__What is needed__. Write out all the data again, exactly as shown.

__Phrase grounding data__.
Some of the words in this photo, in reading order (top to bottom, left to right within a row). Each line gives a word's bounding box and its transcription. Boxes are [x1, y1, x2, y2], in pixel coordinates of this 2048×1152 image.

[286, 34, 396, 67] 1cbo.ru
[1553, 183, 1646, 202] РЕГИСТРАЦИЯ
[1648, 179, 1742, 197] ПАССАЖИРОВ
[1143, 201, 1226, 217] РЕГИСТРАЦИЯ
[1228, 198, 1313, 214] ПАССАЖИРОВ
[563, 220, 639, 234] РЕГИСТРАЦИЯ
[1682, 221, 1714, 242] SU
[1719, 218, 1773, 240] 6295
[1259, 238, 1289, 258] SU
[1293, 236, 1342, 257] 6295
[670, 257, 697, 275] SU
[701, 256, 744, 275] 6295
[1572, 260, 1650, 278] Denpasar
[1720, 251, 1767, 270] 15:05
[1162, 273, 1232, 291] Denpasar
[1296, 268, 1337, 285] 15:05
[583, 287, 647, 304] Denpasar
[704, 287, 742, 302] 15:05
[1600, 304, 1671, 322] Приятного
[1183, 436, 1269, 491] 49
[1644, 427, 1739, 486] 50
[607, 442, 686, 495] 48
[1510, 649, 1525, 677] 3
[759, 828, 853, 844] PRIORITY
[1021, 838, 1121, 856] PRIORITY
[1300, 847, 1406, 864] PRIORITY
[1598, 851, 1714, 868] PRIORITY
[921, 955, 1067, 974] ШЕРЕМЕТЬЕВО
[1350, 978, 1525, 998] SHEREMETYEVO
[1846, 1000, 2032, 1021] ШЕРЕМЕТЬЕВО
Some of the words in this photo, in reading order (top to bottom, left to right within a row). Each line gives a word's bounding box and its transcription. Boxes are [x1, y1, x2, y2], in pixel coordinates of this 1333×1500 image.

__The completed task__.
Some of the words in this photo, in reading order (top to bottom, left to right within a row). Each line gives a word's bounding box and its transcription. Boxes are [x1, y1, x2, y2], in pixel coordinates of this 2048×1152 image.

[286, 34, 396, 67] 1cbo.ru
[1553, 183, 1646, 202] РЕГИСТРАЦИЯ
[1648, 179, 1742, 197] ПАССАЖИРОВ
[1143, 201, 1226, 217] РЕГИСТРАЦИЯ
[1228, 198, 1313, 214] ПАССАЖИРОВ
[563, 220, 639, 234] РЕГИСТРАЦИЯ
[1682, 221, 1714, 242] SU
[1719, 218, 1773, 240] 6295
[1259, 238, 1289, 258] SU
[1293, 236, 1342, 257] 6295
[670, 257, 697, 275] SU
[701, 256, 744, 275] 6295
[1572, 260, 1650, 278] Denpasar
[1720, 251, 1767, 270] 15:05
[1162, 273, 1232, 291] Denpasar
[1296, 268, 1337, 285] 15:05
[583, 287, 647, 304] Denpasar
[704, 287, 742, 302] 15:05
[1600, 304, 1671, 322] Приятного
[1183, 436, 1269, 491] 49
[1644, 427, 1739, 486] 50
[607, 442, 686, 495] 48
[1510, 649, 1525, 677] 3
[759, 828, 853, 844] PRIORITY
[1021, 838, 1121, 856] PRIORITY
[1300, 847, 1406, 864] PRIORITY
[1598, 851, 1714, 868] PRIORITY
[921, 955, 1067, 974] ШЕРЕМЕТЬЕВО
[1350, 978, 1525, 998] SHEREMETYEVO
[1846, 1000, 2032, 1021] ШЕРЕМЕТЬЕВО
Some of the words in this photo, in reading order (top to bottom, left to right within a row). Each line gives a word's bounding box and its transcription. Boxes are [x1, y1, x2, y2], in pixel coordinates of this 1333×1500 image.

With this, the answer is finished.